> _Activity_
Omit every image, and transcribe the remaining entries exactly as given.

[[ Data excerpts, beginning ]]

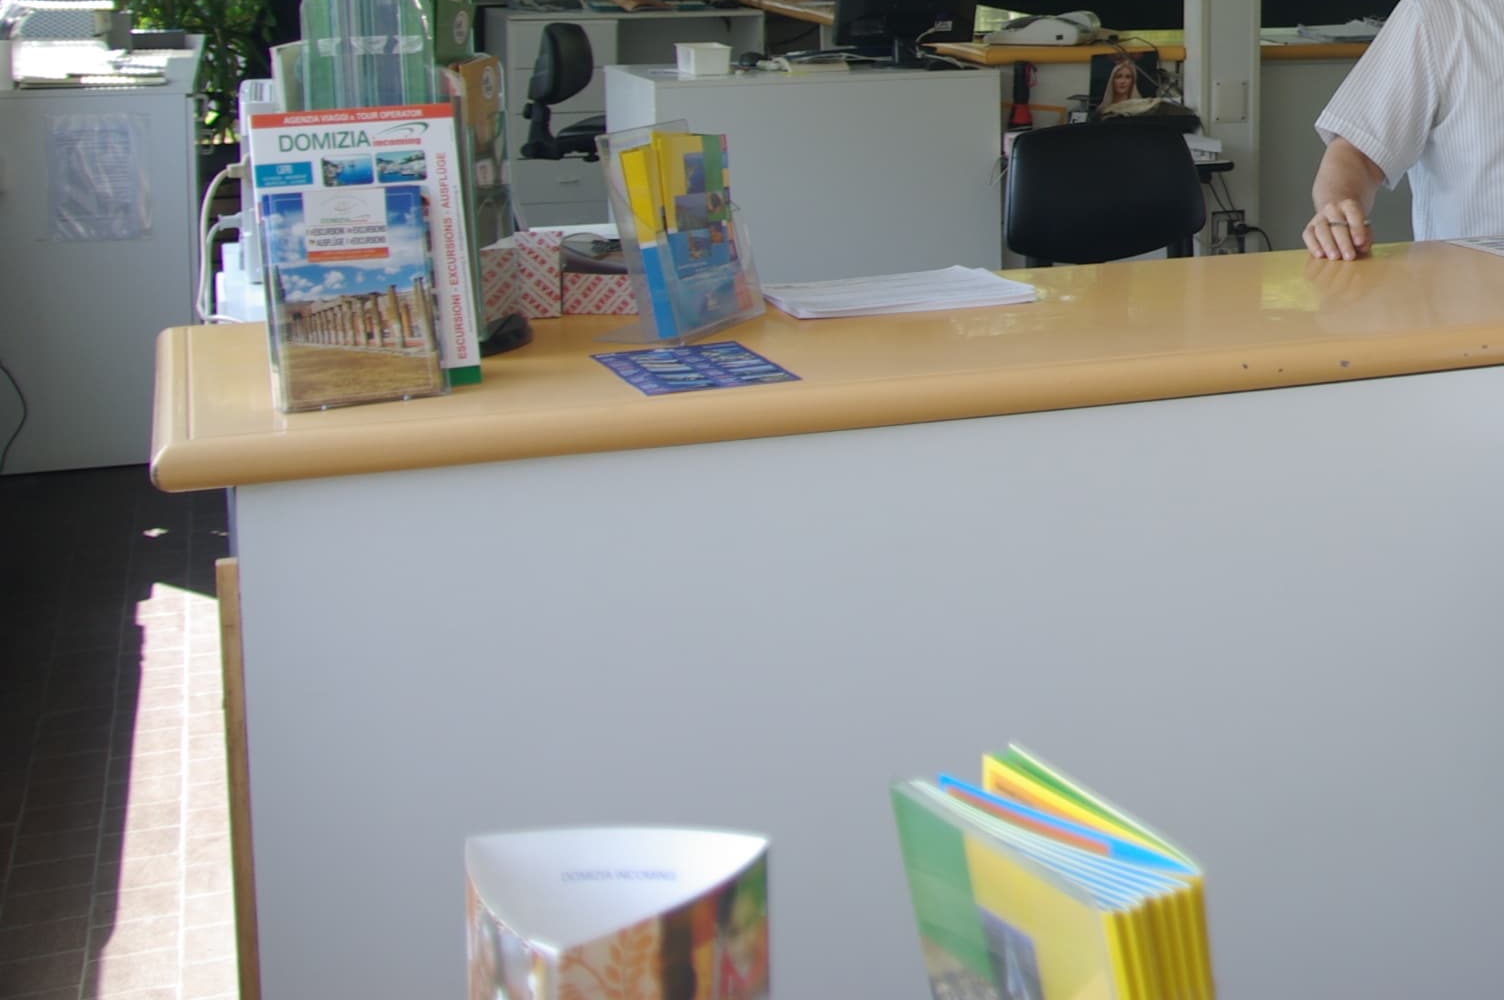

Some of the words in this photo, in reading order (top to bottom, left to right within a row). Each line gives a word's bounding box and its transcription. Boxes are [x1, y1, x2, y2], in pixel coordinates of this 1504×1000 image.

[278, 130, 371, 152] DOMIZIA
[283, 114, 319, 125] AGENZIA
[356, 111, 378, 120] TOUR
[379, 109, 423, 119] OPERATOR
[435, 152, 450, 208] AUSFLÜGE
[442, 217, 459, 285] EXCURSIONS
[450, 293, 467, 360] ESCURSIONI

[[ Data excerpts, end ]]

> _Response to this exercise_
Some of the words in this photo, in reading order (top to bottom, left to right within a row). Each line gives a word's bounding box and its transcription. Boxes are [x1, y1, x2, y2], in pixel coordinates of this 1504×1000 image.

[278, 130, 371, 152] DOMIZIA
[283, 114, 319, 125] AGENZIA
[356, 111, 378, 120] TOUR
[379, 109, 423, 119] OPERATOR
[435, 152, 450, 208] AUSFLÜGE
[442, 217, 459, 285] EXCURSIONS
[450, 293, 467, 360] ESCURSIONI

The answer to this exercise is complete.